Problem description:
For this exercise, write out exactly the lines of the material from the one containing "this 2350×1568 image." through the end, both ends included, and nothing more.

*** Opening Given data ***

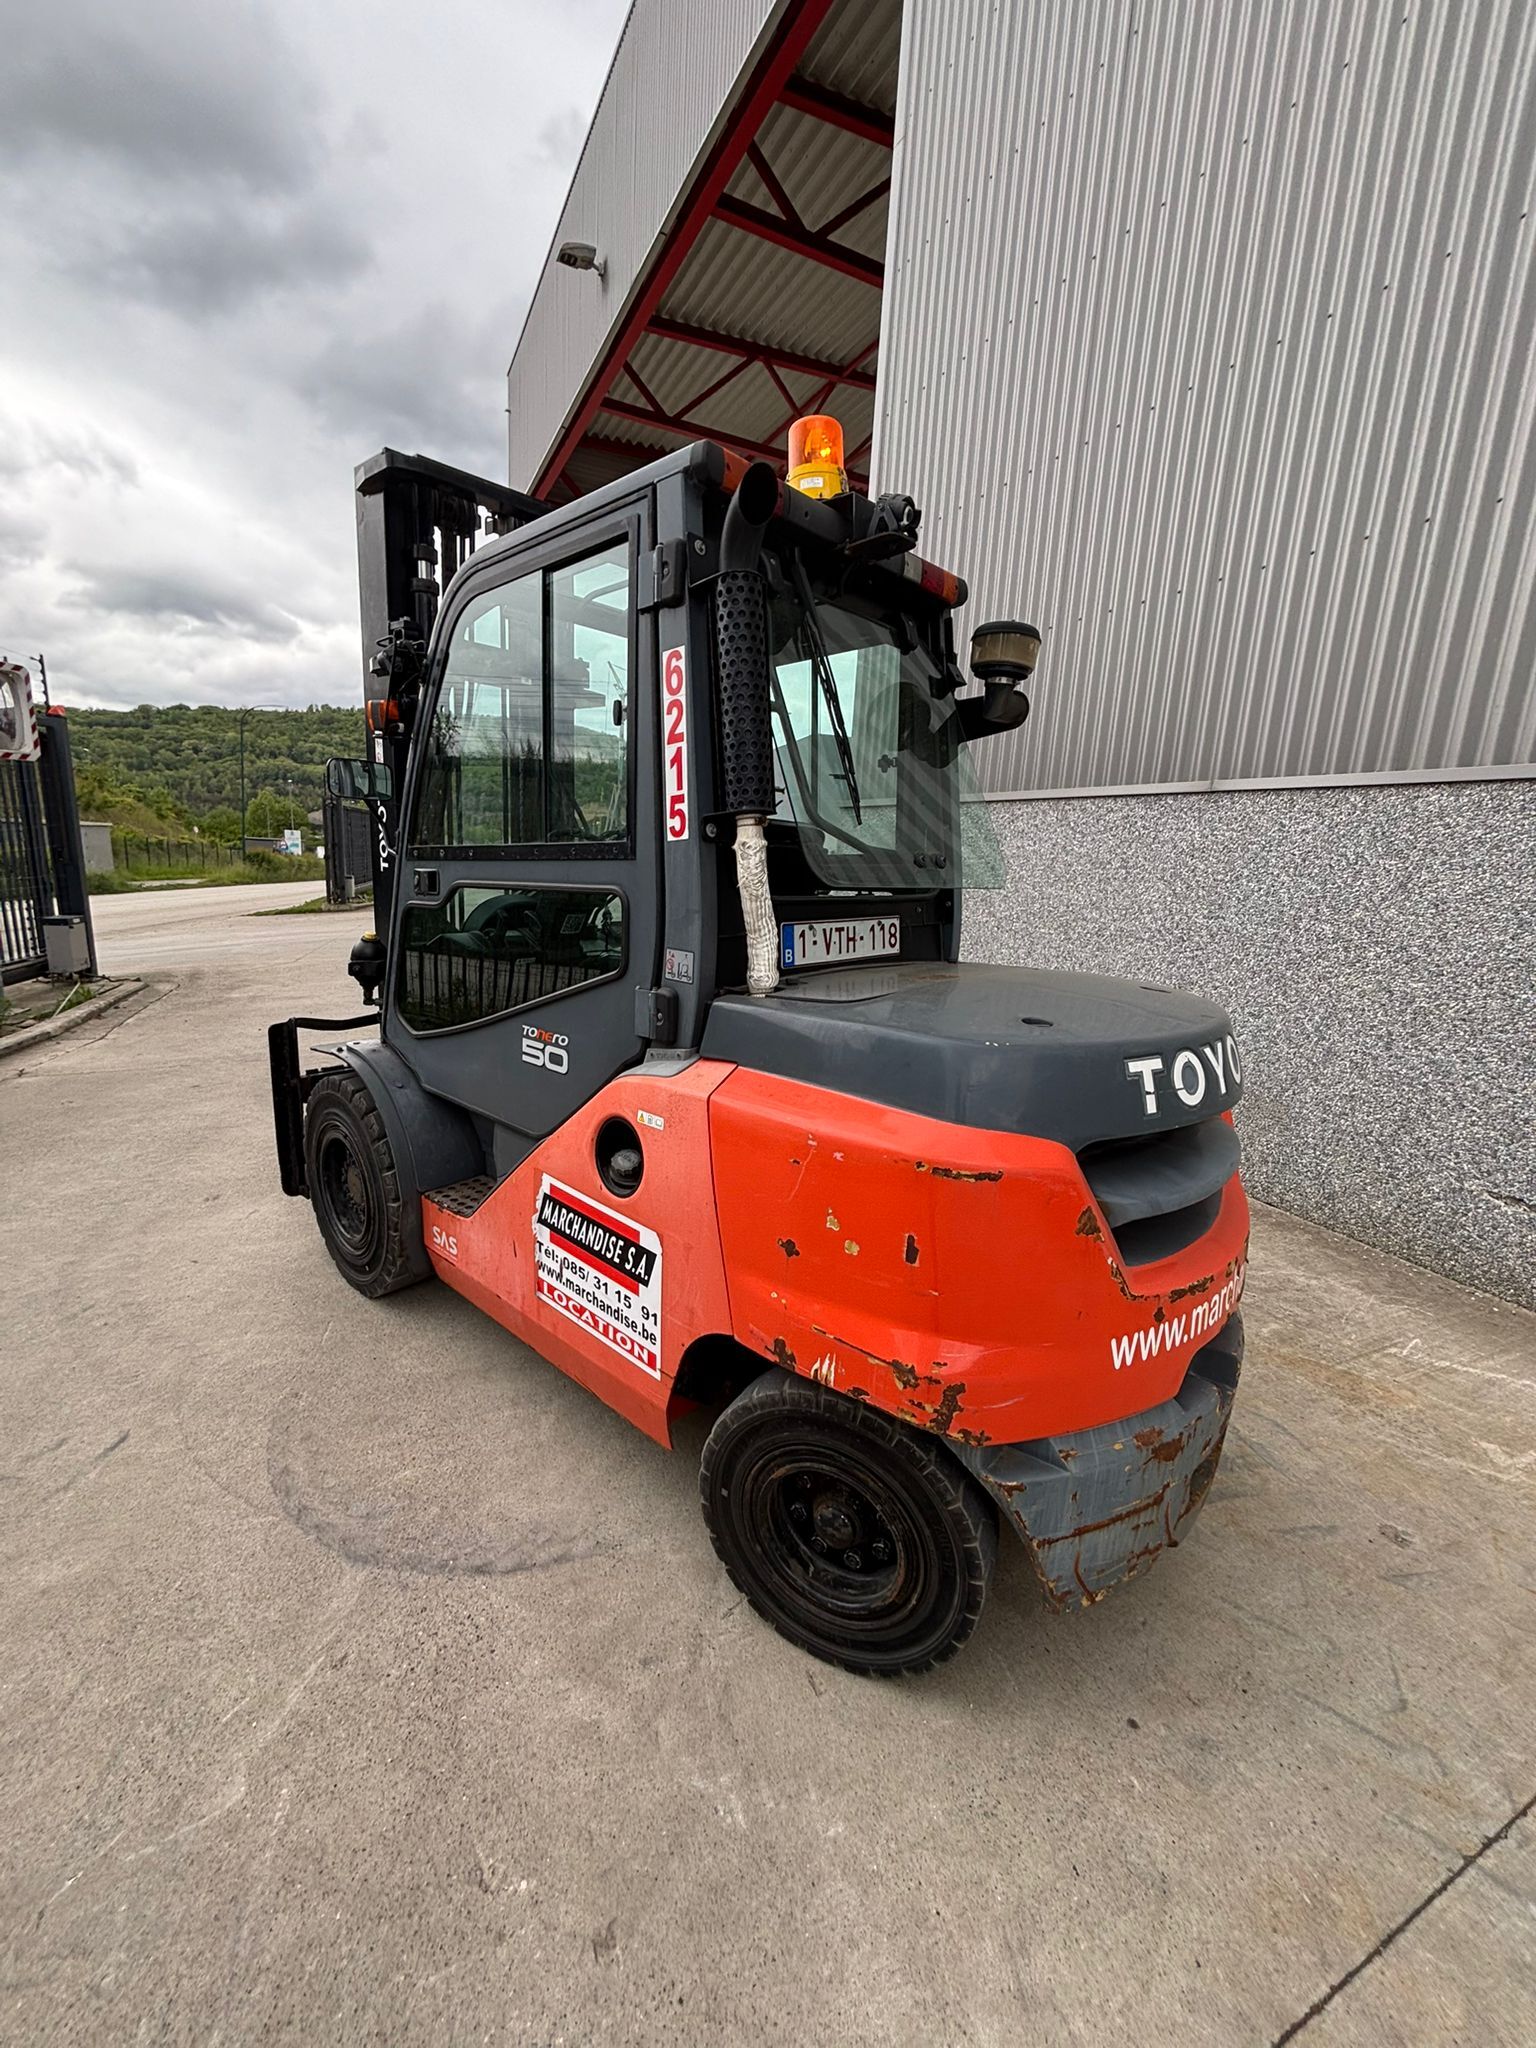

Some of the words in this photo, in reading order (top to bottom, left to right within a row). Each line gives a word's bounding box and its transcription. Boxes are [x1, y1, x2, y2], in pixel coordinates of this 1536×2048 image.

[665, 650, 687, 838] 6215
[377, 800, 389, 872] TOYO
[785, 949, 793, 963] B
[522, 1037, 569, 1075] 50
[1127, 1034, 1241, 1115] TOYO
[432, 1225, 457, 1256] SAS
[542, 1199, 622, 1263] MARCHANDISE
[624, 1243, 649, 1280] S.A.
[537, 1240, 559, 1264] Tél:
[562, 1257, 590, 1282] 085/
[593, 1275, 609, 1294] 31
[615, 1290, 632, 1309] 15
[641, 1306, 658, 1327] 91
[537, 1260, 657, 1346] www.marchandise.be
[542, 1283, 649, 1365] LOCATION
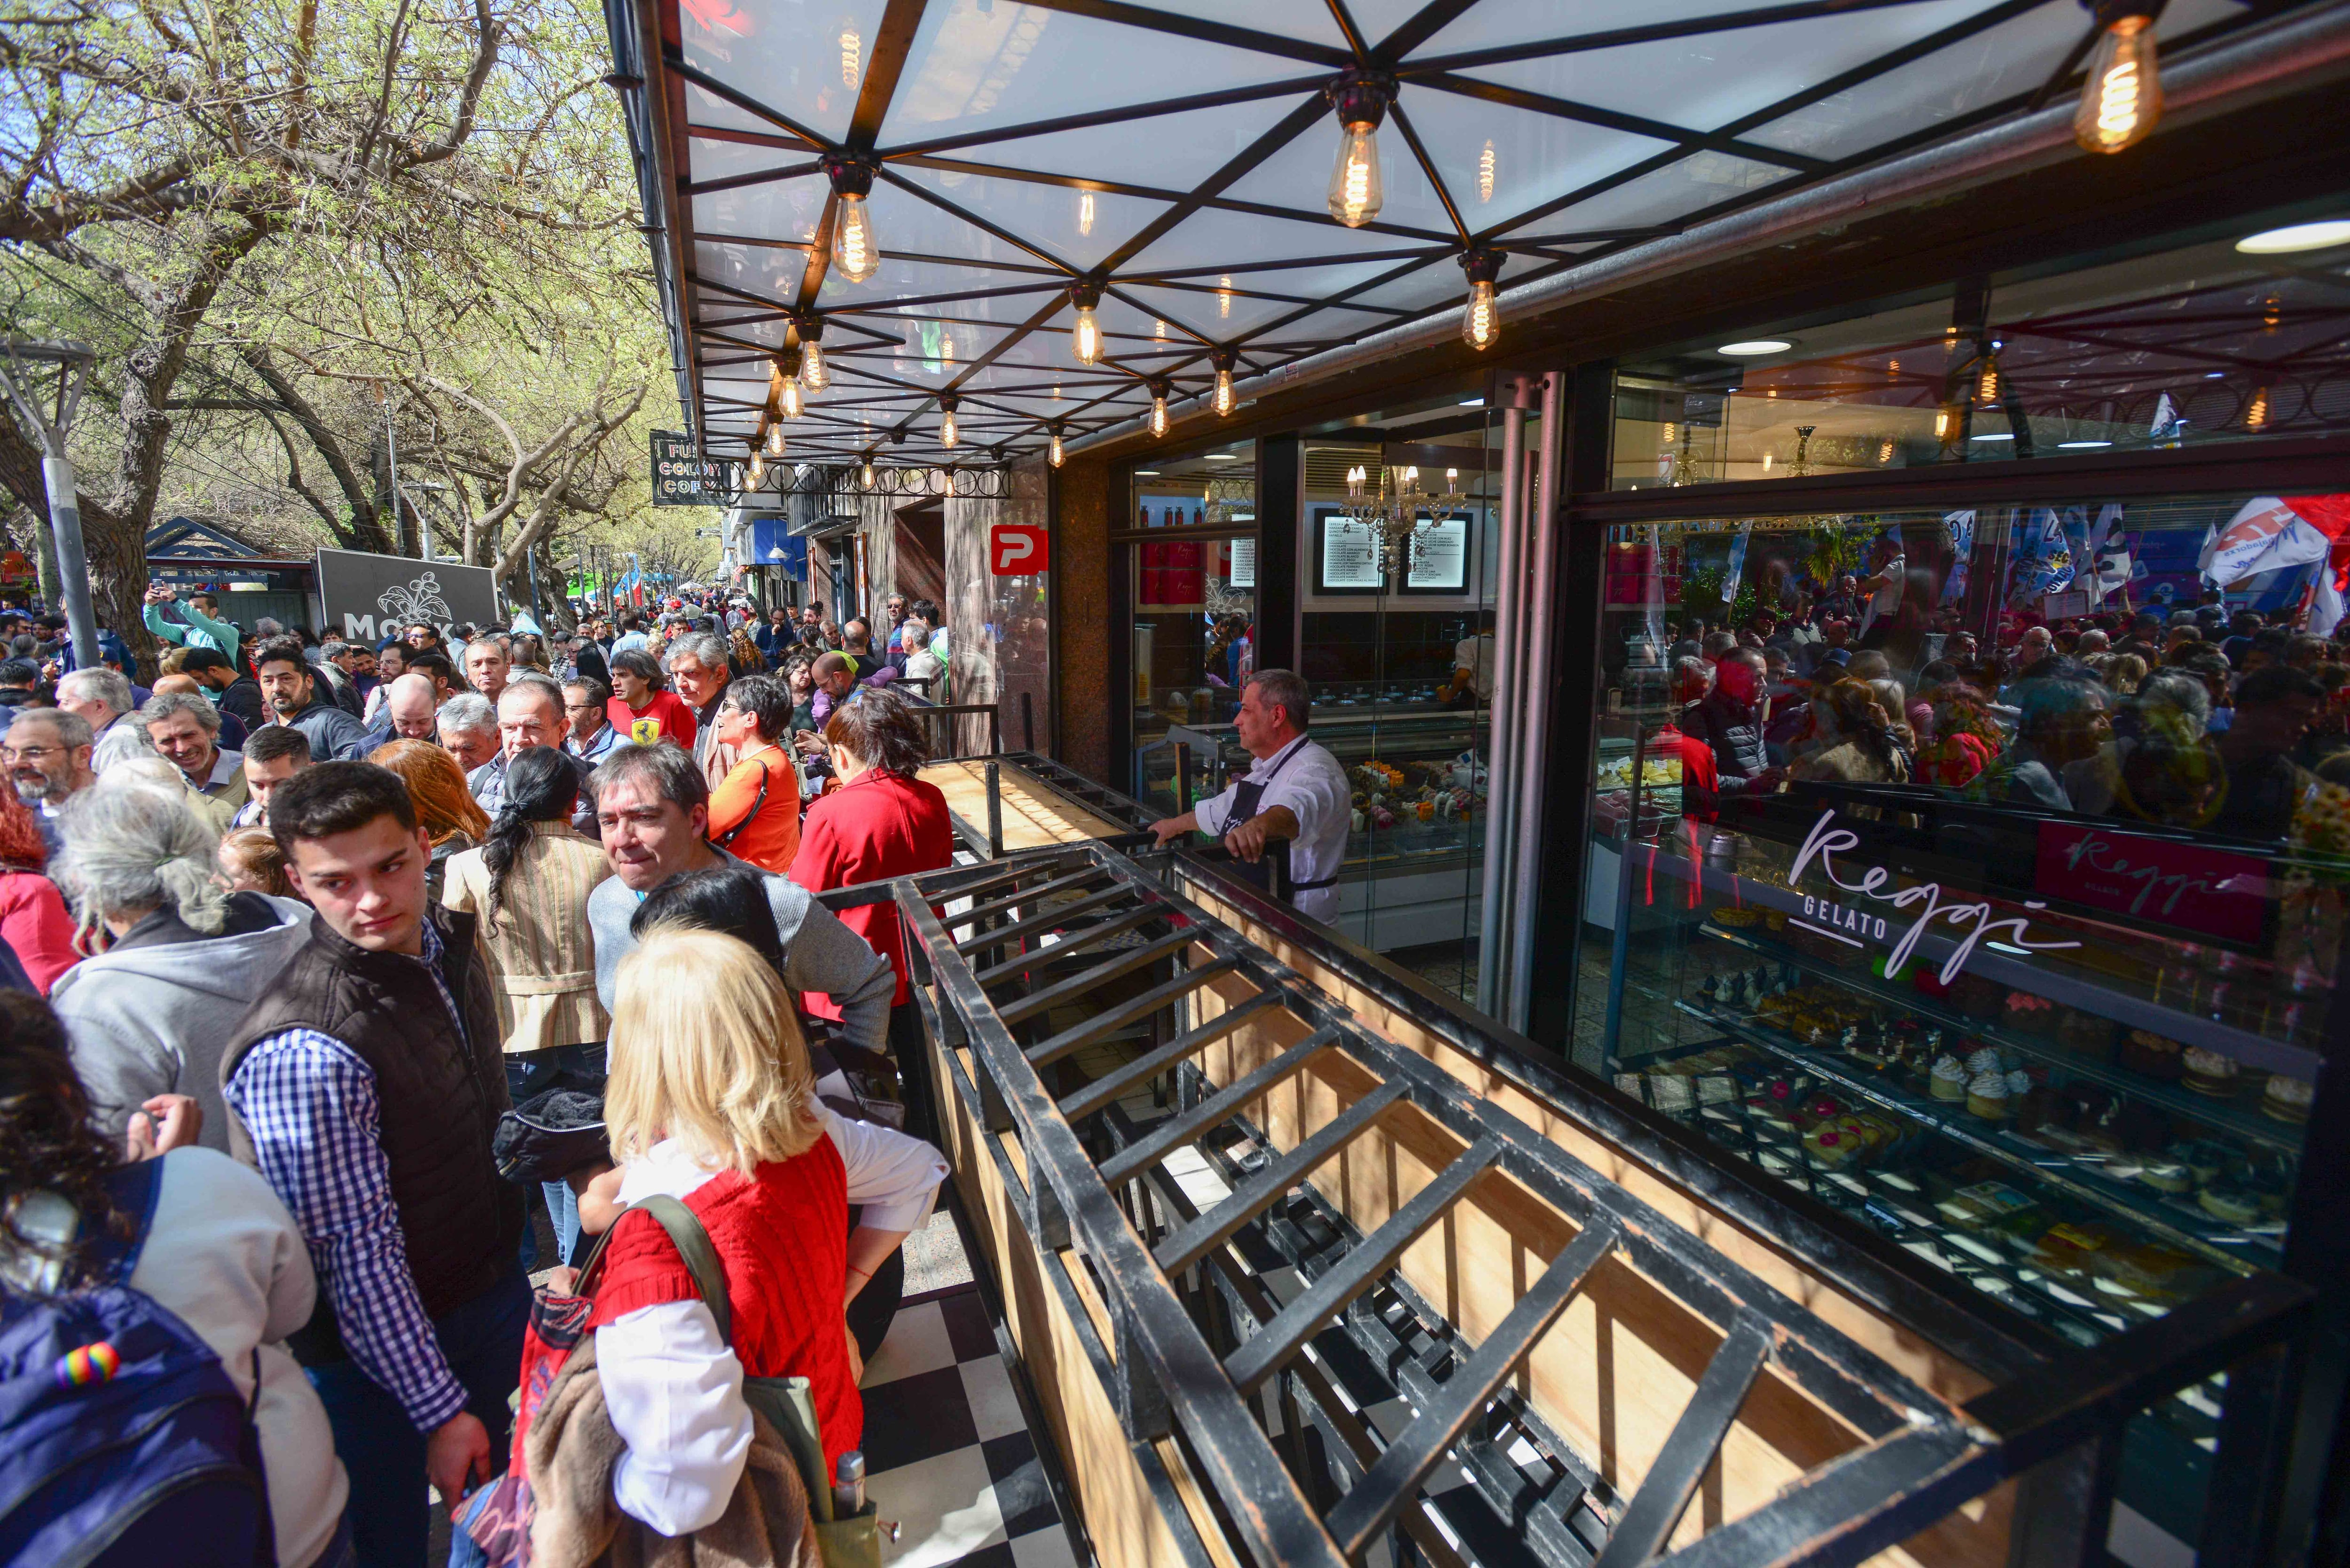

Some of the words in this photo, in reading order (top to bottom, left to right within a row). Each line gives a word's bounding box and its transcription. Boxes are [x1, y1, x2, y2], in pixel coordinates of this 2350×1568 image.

[659, 461, 721, 476] COLOR
[663, 480, 717, 494] COPY
[999, 533, 1034, 568] P
[1788, 809, 2082, 985] Reggi
[1804, 895, 1886, 940] GELATO

*** Closing Given data ***

The completed task:
Some of the words in this photo, in reading order (top to bottom, left to right within a row). Each line gives a word's bounding box and its transcription. Boxes are [x1, y1, x2, y2], in pixel coordinates of this 2350×1568 image.

[659, 461, 721, 476] COLOR
[663, 480, 717, 494] COPY
[999, 533, 1034, 568] P
[1788, 809, 2082, 985] Reggi
[1804, 895, 1886, 940] GELATO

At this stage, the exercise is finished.